Return every line of the records below verbatim, with no pictures in the copy.
START PROVIDED DATA
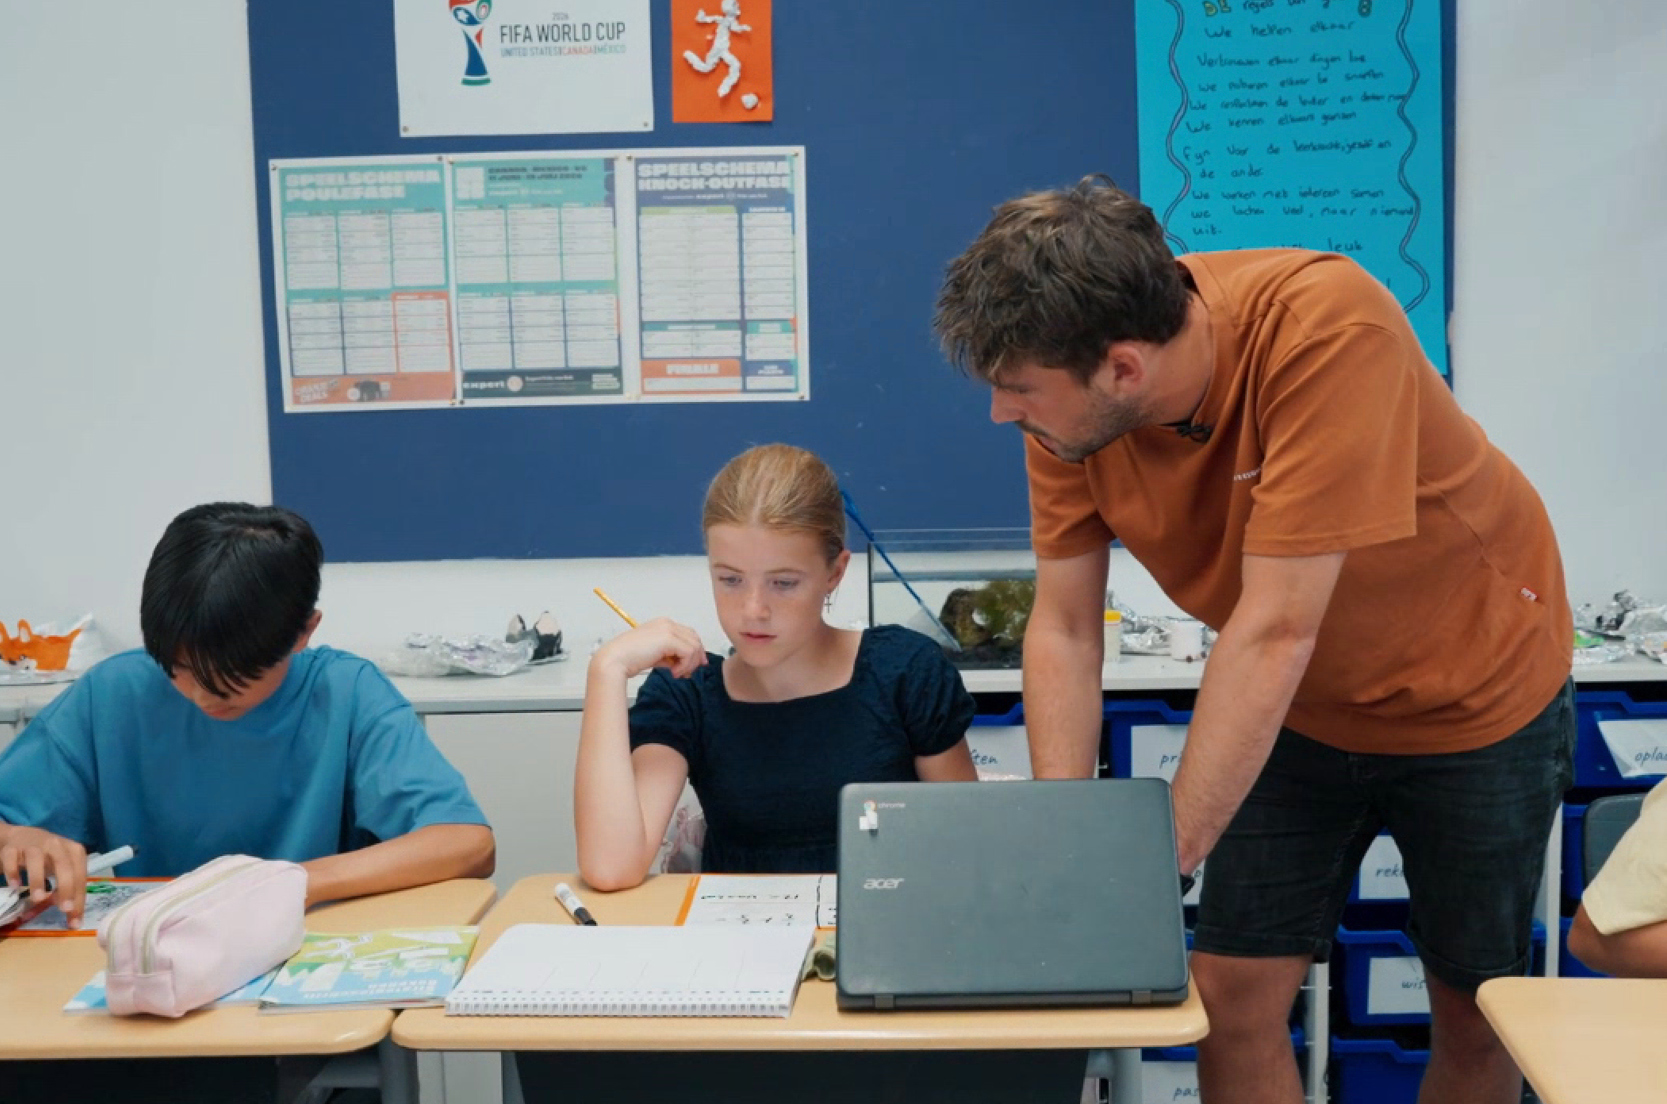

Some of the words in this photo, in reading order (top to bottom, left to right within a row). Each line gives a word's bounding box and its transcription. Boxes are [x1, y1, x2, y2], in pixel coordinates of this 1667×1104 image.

[500, 24, 533, 43] FIFA
[536, 23, 591, 42] WORLD
[596, 22, 625, 41] CUP
[1204, 26, 1232, 38] We
[501, 46, 528, 57] UNITED
[530, 45, 560, 56] STATES
[1185, 120, 1211, 134] We
[638, 161, 789, 177] SPEELSCHEMA
[1199, 168, 1215, 179] de
[1262, 188, 1289, 199] met
[463, 380, 505, 390] expert
[877, 801, 906, 809] chrome
[863, 877, 905, 890] acer
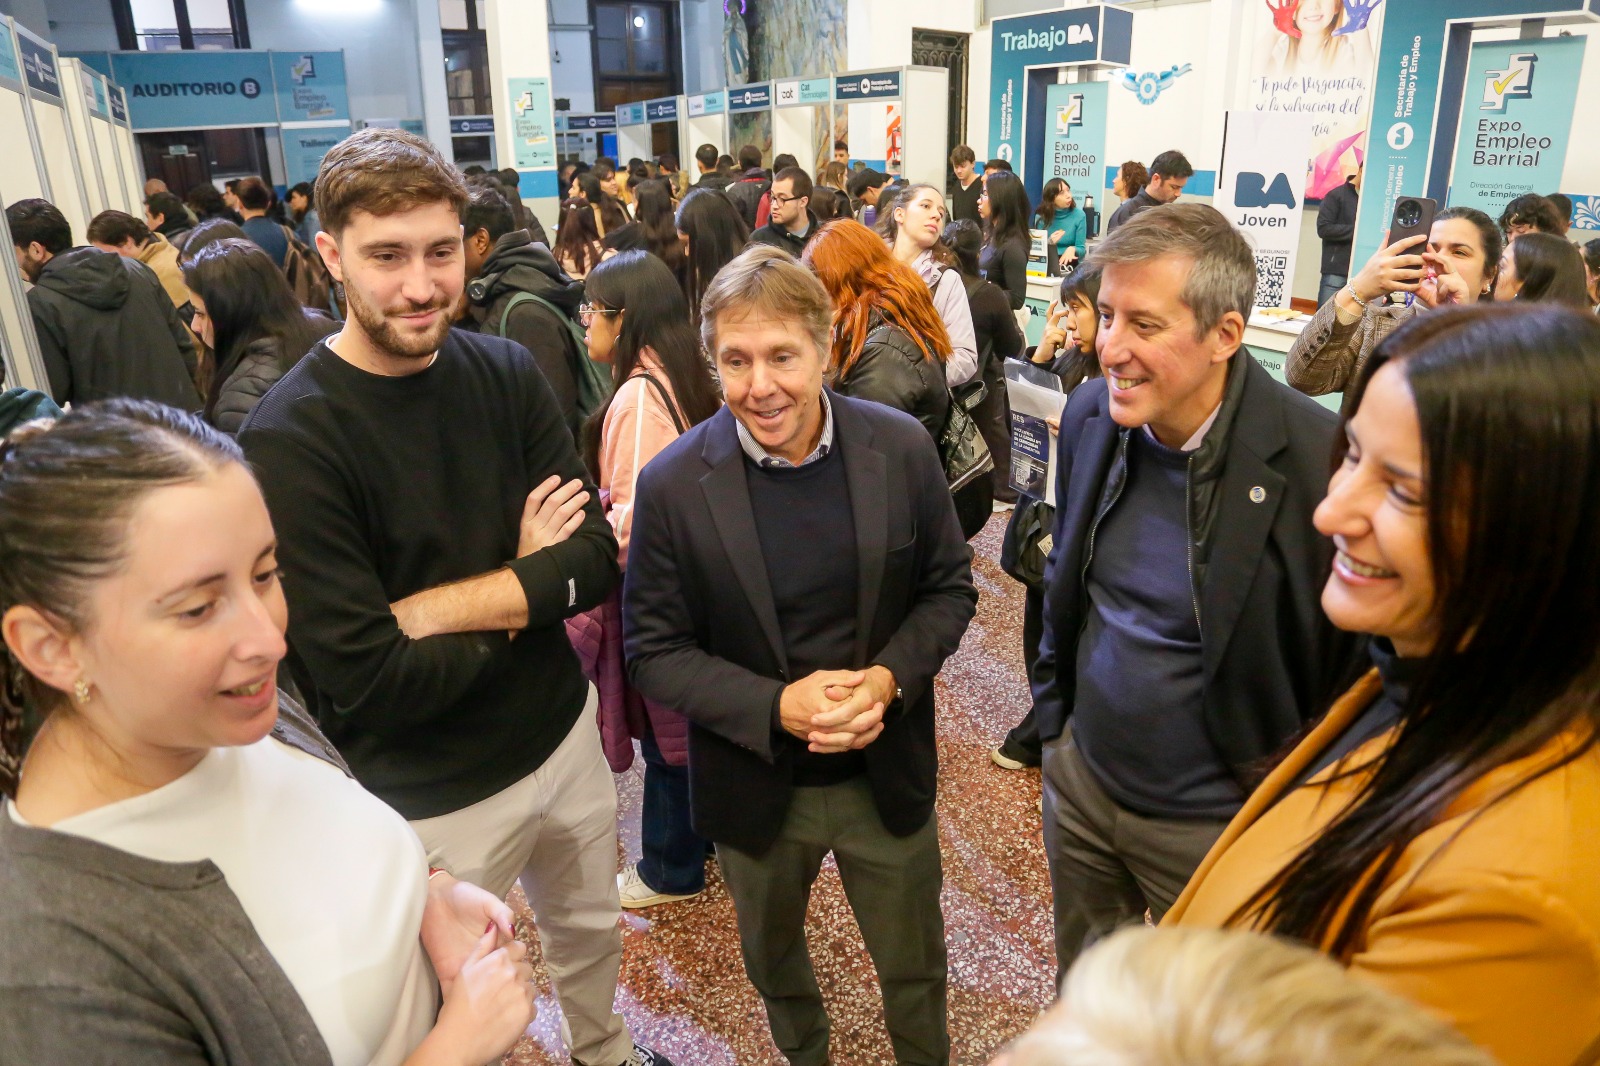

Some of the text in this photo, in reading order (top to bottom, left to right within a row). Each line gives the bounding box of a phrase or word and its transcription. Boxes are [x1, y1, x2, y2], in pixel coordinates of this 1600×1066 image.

[1001, 23, 1094, 51] Trabajo BA
[1400, 55, 1409, 68] de
[1409, 35, 1421, 73] Empleo
[132, 82, 236, 97] AUDITORIO
[1001, 93, 1007, 103] de
[1340, 95, 1363, 115] del
[1403, 81, 1417, 118] Trabajo
[516, 124, 542, 132] Empleo
[1478, 118, 1522, 134] Expo
[1394, 126, 1406, 145] BA
[1475, 133, 1552, 152] Empleo
[1054, 141, 1079, 151] Expo
[1054, 152, 1096, 167] Empleo
[1472, 150, 1541, 167] Barrial
[1053, 165, 1090, 177] Barrial
[1385, 164, 1396, 195] General
[1393, 165, 1404, 200] Empleo
[1470, 181, 1534, 191] Dirección General
[1234, 171, 1297, 210] BA
[1490, 190, 1522, 199] Empleo
[1237, 213, 1287, 228] Joven
[1258, 358, 1281, 370] abajo
[1012, 413, 1025, 424] RES
END PROVIDED DATA
## COMPLETED TASK
Some of the words in this photo, in reading order (top to bottom, left to right within a row). Each line gives a word's bounding box and its transcription. Boxes are [x1, y1, x2, y2], in pixel coordinates of this 1667×1104 image.

[500, 24, 533, 43] FIFA
[536, 23, 591, 42] WORLD
[596, 22, 625, 41] CUP
[1204, 26, 1232, 38] We
[501, 46, 528, 57] UNITED
[530, 45, 560, 56] STATES
[1185, 120, 1211, 134] We
[638, 161, 789, 177] SPEELSCHEMA
[1199, 168, 1215, 179] de
[1262, 188, 1289, 199] met
[463, 380, 505, 390] expert
[877, 801, 906, 809] chrome
[863, 877, 905, 890] acer

Some of the text in this photo, in reading order (top to bottom, left to right within a row). Each line gives the bounding box of a phrase or word and its transcription. Boxes are [x1, y1, x2, y2], in pixel coordinates of this 1600×1066 image.

[1001, 23, 1094, 51] Trabajo BA
[1400, 55, 1409, 68] de
[1409, 35, 1421, 73] Empleo
[132, 82, 236, 97] AUDITORIO
[1001, 93, 1007, 103] de
[1340, 95, 1363, 115] del
[1403, 81, 1417, 118] Trabajo
[516, 124, 542, 132] Empleo
[1478, 118, 1522, 134] Expo
[1394, 126, 1406, 145] BA
[1475, 133, 1552, 152] Empleo
[1054, 141, 1079, 151] Expo
[1054, 152, 1096, 167] Empleo
[1472, 150, 1541, 167] Barrial
[1053, 165, 1090, 177] Barrial
[1385, 164, 1396, 195] General
[1393, 165, 1404, 200] Empleo
[1470, 181, 1534, 191] Dirección General
[1234, 171, 1297, 210] BA
[1490, 190, 1522, 199] Empleo
[1237, 213, 1287, 228] Joven
[1258, 358, 1281, 370] abajo
[1012, 413, 1025, 424] RES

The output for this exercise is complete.